» TRY IT
Since the copy must hold text only, transcribe the data below exactly and omit the images.

(Saved entries)
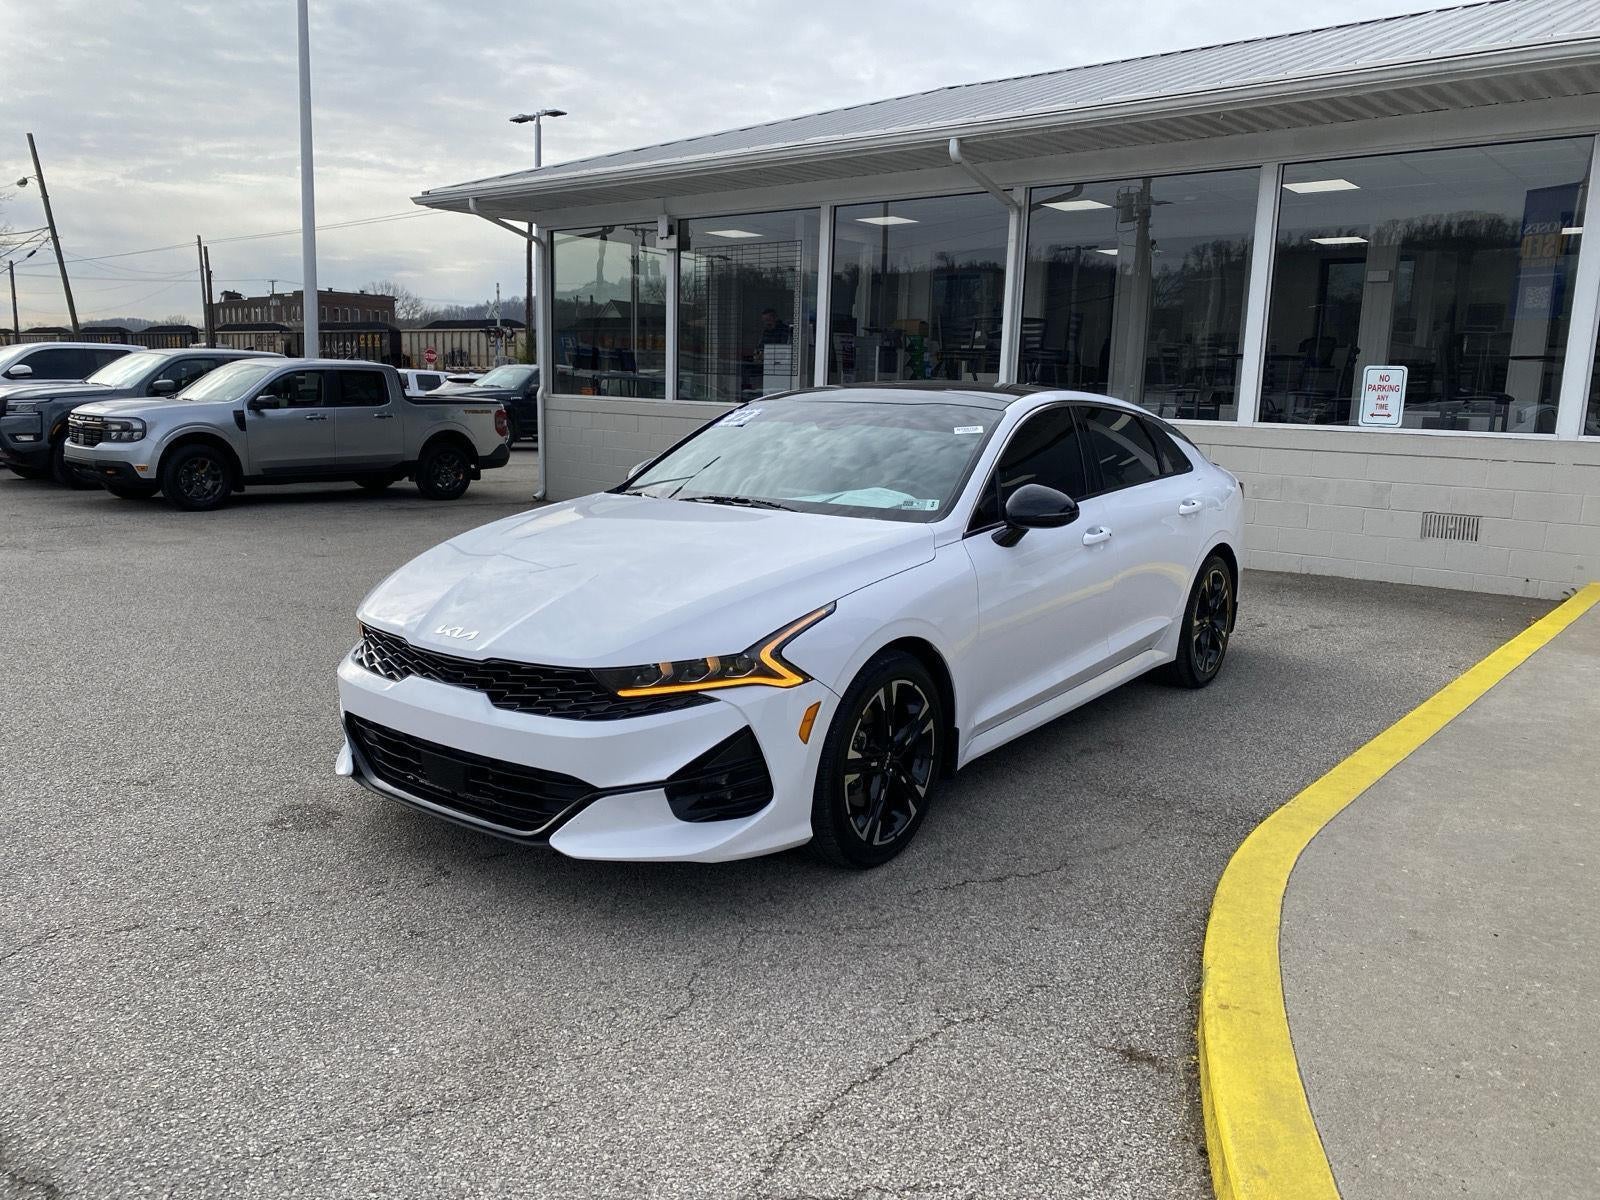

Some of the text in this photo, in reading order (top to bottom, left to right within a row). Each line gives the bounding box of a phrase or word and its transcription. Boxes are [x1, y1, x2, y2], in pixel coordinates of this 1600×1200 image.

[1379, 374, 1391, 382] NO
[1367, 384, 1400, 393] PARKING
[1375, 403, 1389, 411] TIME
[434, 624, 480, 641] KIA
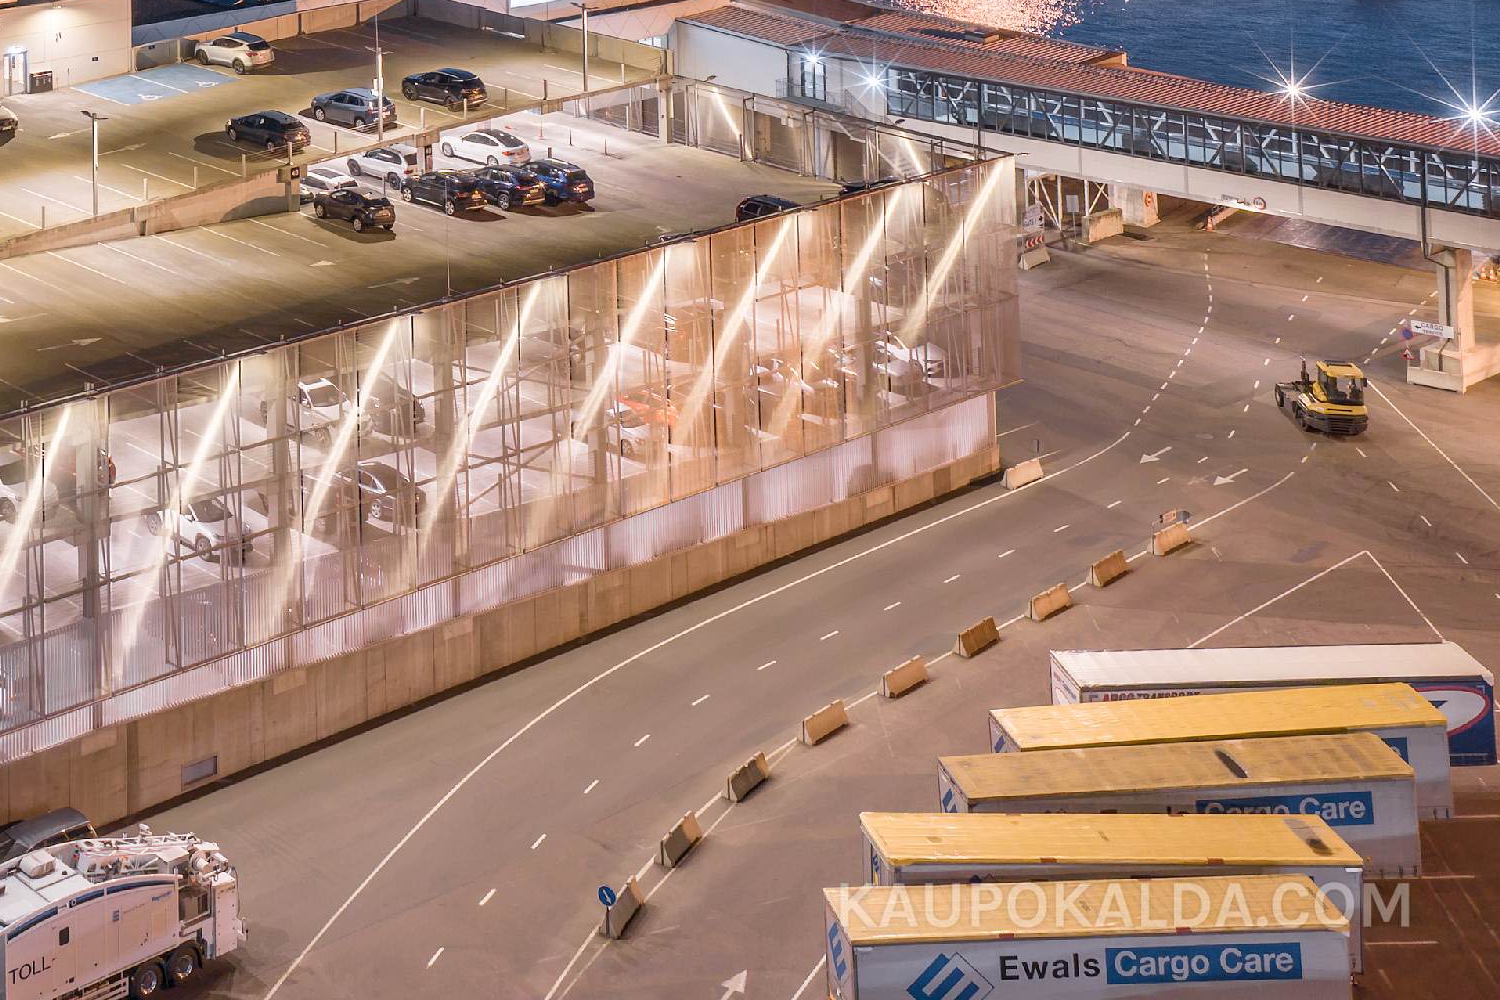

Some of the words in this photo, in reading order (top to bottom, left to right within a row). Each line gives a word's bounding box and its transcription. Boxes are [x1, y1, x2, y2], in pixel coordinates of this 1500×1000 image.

» YOUR SOLUTION
Some of the text in this photo, in reading order (top to bottom, left to right within a row). Each line gives the bounding box of a phrase or word and its transcription. Boxes are [x1, y1, x2, y2], in pixel coordinates of this 1600×1200 image.

[1379, 374, 1391, 382] NO
[1367, 384, 1400, 393] PARKING
[1375, 403, 1389, 411] TIME
[434, 624, 480, 641] KIA

Some of the words in this photo, in reading order (top to bottom, left to right within a row). Each line gives a word's bounding box and its transcription. Boxes are [x1, y1, x2, y2], in pixel coordinates of this 1500×1000 image.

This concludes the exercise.